Interação proteína-proteína
Interações físicas e construções entre múltiplas proteínas / De Wikipedia, a enciclopédia encyclopedia
Interação proteína-proteína (IPP ou PPI do termo inglês "Protein-Protein Interaction") compreende todo contato físico com ligação molecular entre duas ou mais proteínas que ocorre em uma célula ou em um organismo vivo. Este contato físico deve ser especifico e não genérico.[1] As proteínas são alguns dos componentes de um organismo. Elas exercem diversas funções biológicas a partir das suas interações e são centrais para a maioria dos processos biológicos celulares do organismo,[2][3] desde o metabolismo até a resposta a estímulos. O mapeamento completo das interações de proteínas que podem ocorrer no sistema complexo de um organismo é chamado de interatoma e faz parte do estudo da Interatômica, que compreende todo o conjunto de interações moleculares que ocorre em uma determinada célula.

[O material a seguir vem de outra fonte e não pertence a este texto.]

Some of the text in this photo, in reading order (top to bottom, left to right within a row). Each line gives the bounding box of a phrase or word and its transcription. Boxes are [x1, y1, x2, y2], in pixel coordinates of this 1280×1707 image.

As interações de proteínas podem ser medidas por métodos biológicos experimentais ou preditas por métodos computacionais. Os métodos experimentais seguem duas categorias: (1) métodos binários que medem interações físicas diretas entre pares de proteínas, sendo o sistema duplo-híbrido em leveduras (Y2H do inglês "yeast two-hybrid") o método genético de larga escala mais utilizado; e (2) métodos co-complexos que medem interações físicas entre grupos de proteínas sem diferenciar se elas são diretas ou indiretas, sendo a purificação por afinidade em tandem acoplada a espectrometria de massas (TAP-MS do inglês "tandem affinity purification coupled to mass spectrometry") o método proteômico de larga escala mais utilizado.[1] Os métodos computacionais englobam predições de IPPs a partir da análise de dados biológicos heterogêneos, como sequência, evolução, expressão e estrutura de proteínas. A maioria dos métodos computacionais podem ser agrupados em tipos: (1) os baseados em simulação, usualmente feitos em baixa escala, devido a um alto custo computacional, e (2) os baseados em métodos estatísticos ou aprendizado de máquina, que podem ser aplicados em larga escala.[3]

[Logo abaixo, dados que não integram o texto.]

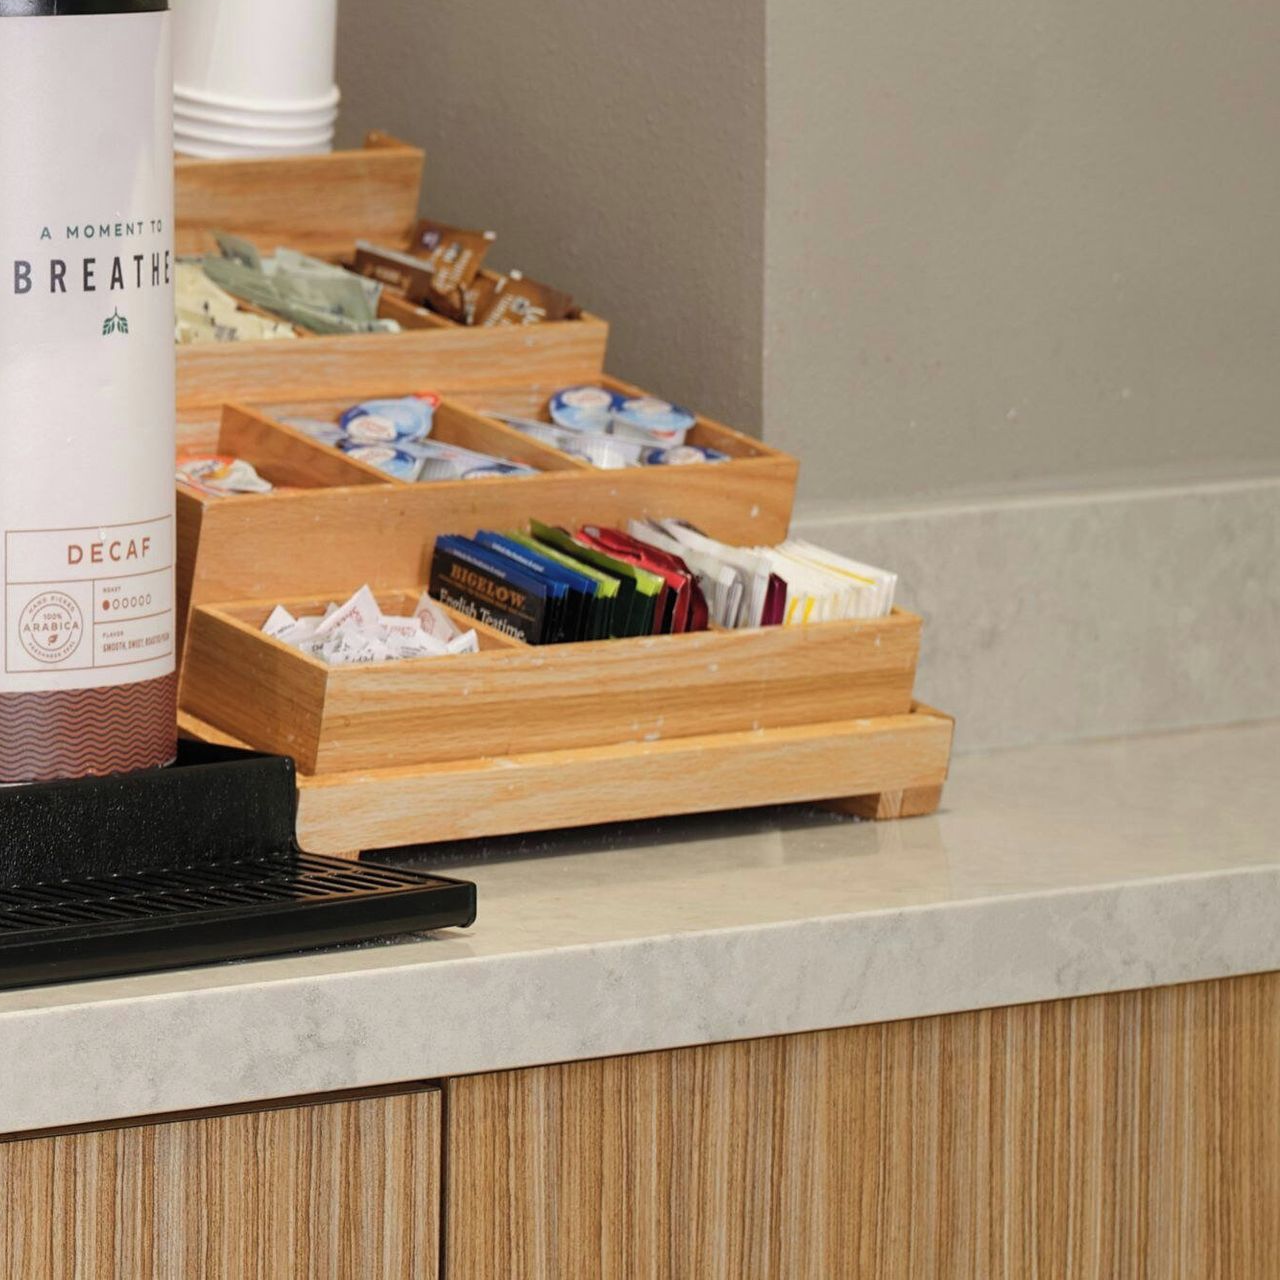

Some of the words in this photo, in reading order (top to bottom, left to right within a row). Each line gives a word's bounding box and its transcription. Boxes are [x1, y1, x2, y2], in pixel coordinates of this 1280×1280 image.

Um mapa completo do interatoma de um organismo seria um passo enorme na direção de entender as funções de seus genes e o funcionamento do seu corpo a nível celular.[2] Porém este dado é inviável de ser obtido experimentalmente para especies mais complexas, desde a levedura, que possui o interatoma bastante estudado, até o humano, cujo interatoma ainda é pouco conhecido. Para completar o interatoma do ser humano, que possui em torno de 20 000 a 25 000 proteínas, seriam necessários de 20 000 * 20 000 / 2 a 25 000 * 25 000 / 2 experimentos, totalizando 200 milhões a 300 milhões experimentos.[4] Isto implica na incompletude dos dados, já que não sabemos de fato quais são estas interações, e não conseguimos medir todas elas. Logo, isto também implica na impossibilidade de validação dos métodos de detecção de interações. Sem validação, a frequência de falsos positivos detectados nos ensaios experimentais pode ser muito alta. Em um estudo de 2006, estimou-se que menos do que 50% do interatoma da levedura era conhecido e ainda menos se sabia sobre o interatoma humano.[4]
A recorrência de repetições das interações de proteínas em diferentes ensaios experimentais pode auxiliar na seleção de interações mais confiáveis, classificadas como "dados principais".[5] Logo, a disponibilização dos dados não tratados de interação de proteínas poderia contribuir na detecção do conjunto de "dados principais",[4] e na subsequente criação de bancos de dados de IPPs mais confiáveis. Apesar das limitações, o estudo das IPPs da levedura já revelou sua utilidade, descobrindo funções de proteínas, prevendo comportamento celular e na análise de regulação de genes complexos. Espera-se que as IPPs humanas sejam igualmente informativas.[4]